[Numpy-discussion] PEP 209: Multi-dimensional Arrays

Wed Feb 14 18:06:23 EST 2001

Paul Barrett writes:
> Rob W. W. Hooft writes:
>  > Being a scientist, I have learned that when you multiply a 
> very accurate
>  > number with a very approximate number, your result is 
> going to be very
>  > approximate, not very accurate!
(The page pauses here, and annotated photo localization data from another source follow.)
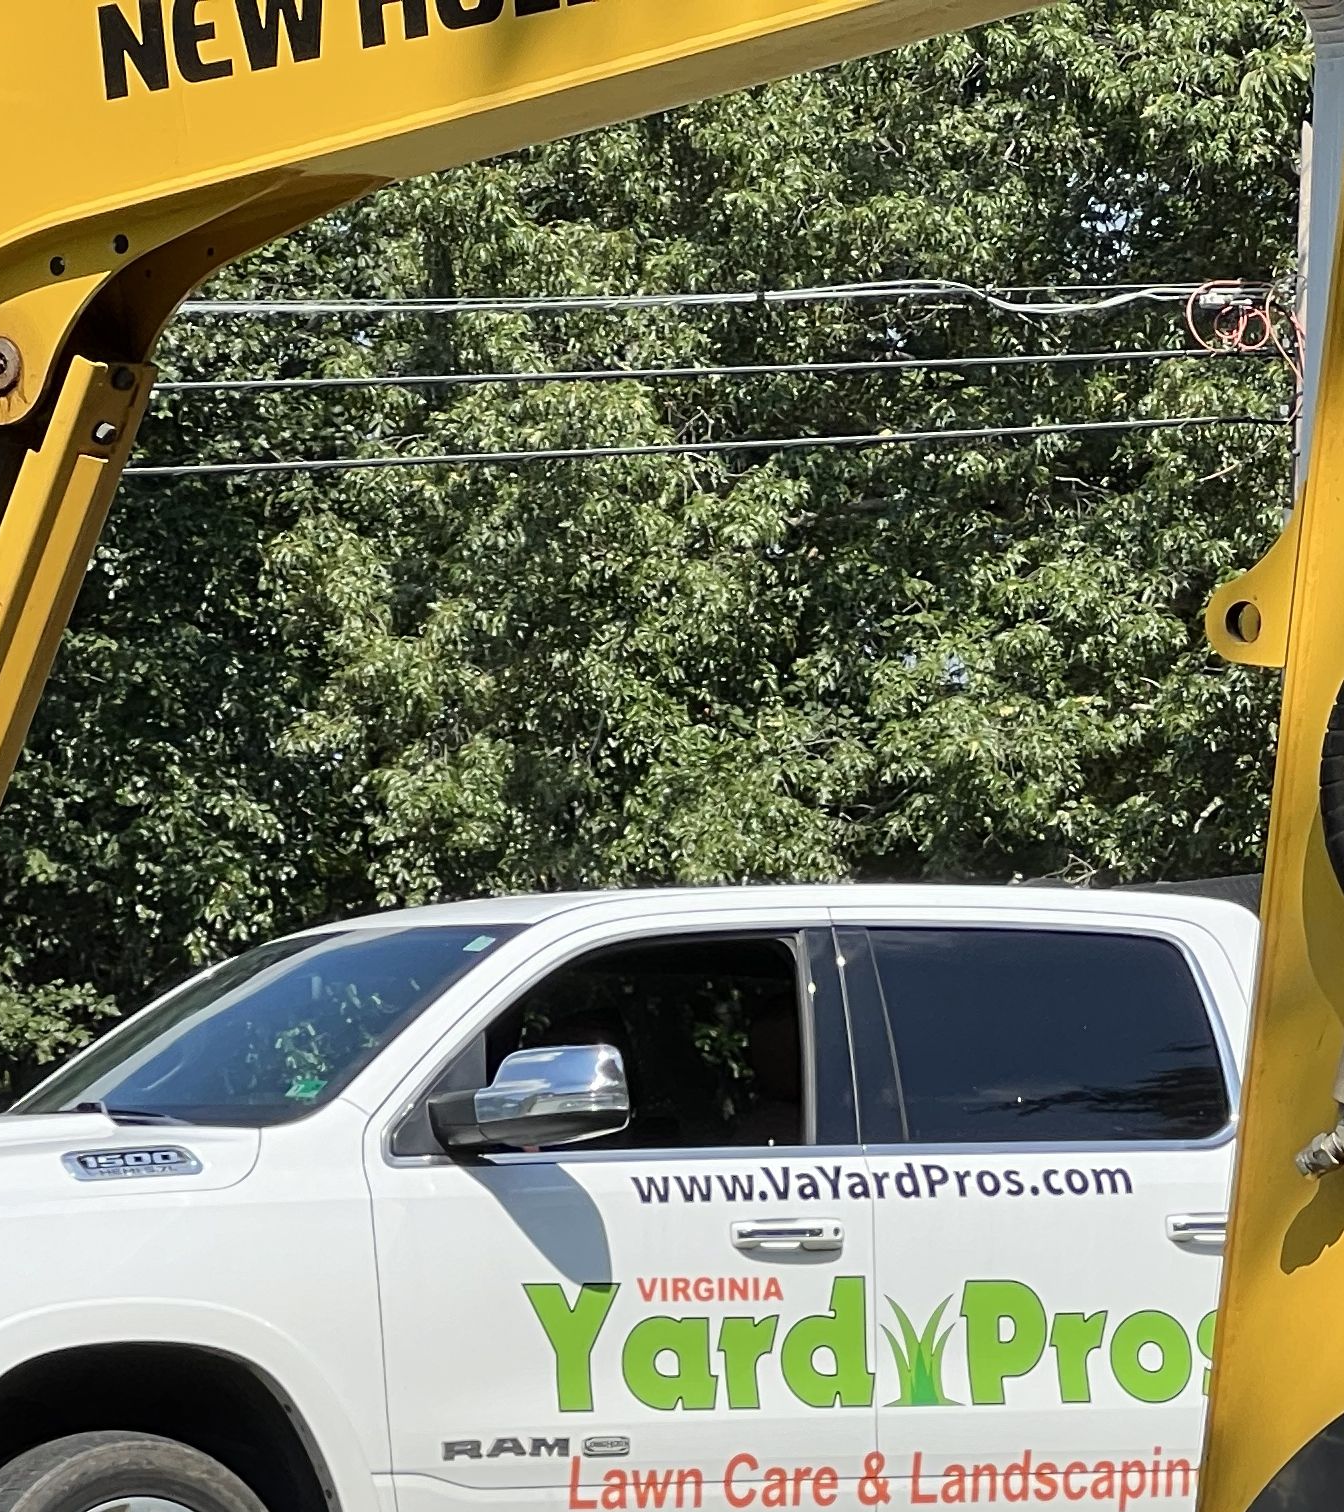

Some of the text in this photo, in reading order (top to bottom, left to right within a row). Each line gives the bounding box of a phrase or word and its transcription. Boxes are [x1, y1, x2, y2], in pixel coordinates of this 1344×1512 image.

[97, 0, 323, 101] NEW
[80, 1151, 178, 1168] 1500
[630, 1162, 1134, 1204] www.VaYardPros.com
[637, 1276, 784, 1303] VIRGINIA
[520, 1275, 1214, 1414] Yard Pro
[441, 1436, 570, 1462] RAM
[567, 1446, 1199, 1512] Lawn Care & Landscapin
It would thus be more 
> logical to have
>  > Float32*Float64 return a Float32!
> 
> If numeric precision was all that mattered, then you would be correct.
> But numeric range is also important.  I would hate to take the chance
> of overflowing the above multiplication because I stored the 
> result as 
> a Float32, instead of a Float64, even though the Float64 is overkill
> in terms of precision.  FORTRAN has made an attempt to address this
> issue in FORTRAN 9X by allowing the user to indicate the range and
> precision of the calculation.
> 

A number in a floating point representation is not necessarily 
represented inexactly.  The discussion of Barrett and Hooft 
is confusing the distinct concepts of precision and accuracy.
Well worth reading is Kahan's scathing critcism of Java's 
floating-point model, at least some of which relates directly to
that of Python or proposals in PEPs 209 and 228.  
http://www.cs.berkeley.edu/~wkahan/JAVAhurt.pdf
See p18 for "definitions" of precision and accuracy.
There's a lot more material in the literature, on Kahan's web-site,
and the following is an excellent discussion of floating point
arithmetic and the IEEE standards.
http://cch.loria.fr/documentation/IEEE754/ACM/goldberg.pdf

With regard to the treatment of errors:
Correct and detailed handling of floating-point exceptions need
not impact speed, provided that a mechanism is provided to
(en/dis)able each exception.  Users not interested in exceptions
can simply mask them.  I recall relevant prior discussion including 
constructive comments from Tim Peters.  Many modern and efficient
numerical algorithms, and also effective debugging of numerical 
programs that use large datasets, *require* accurate
and prompt identification of exceptions.  Accurate meaning that
the arrays, their indices, the operation, traceback and type of exception
must be reported.  Delayed reporting of errors is not satisfactory 
since operations performed in the interim may destroy valuable data,
or take a very long time (esp. if many exceptions are being generated).
It is probably unreasonable to ask for more than the capabilities 
provided by some subset of the still platform dependent optimizing 
compilers used to implement Python/Numpy, but I don't see why we should 
have much less. 

I would encourage the developers of PEPs 209 and 228 to submit their
designs for review by a panel of professional numerical analysts 
(not just numerically literate programmers or scientists).  
While full IEEE 754 within Python or NumPy may still be just
a pipe-dream (for some at least), we can at least take a step closer.

Robert

Robert Harrison
Pacific Northwest National Laboratory
Richland, Washington 99352
(509) 375-2037
robert.harrison at pnl.gov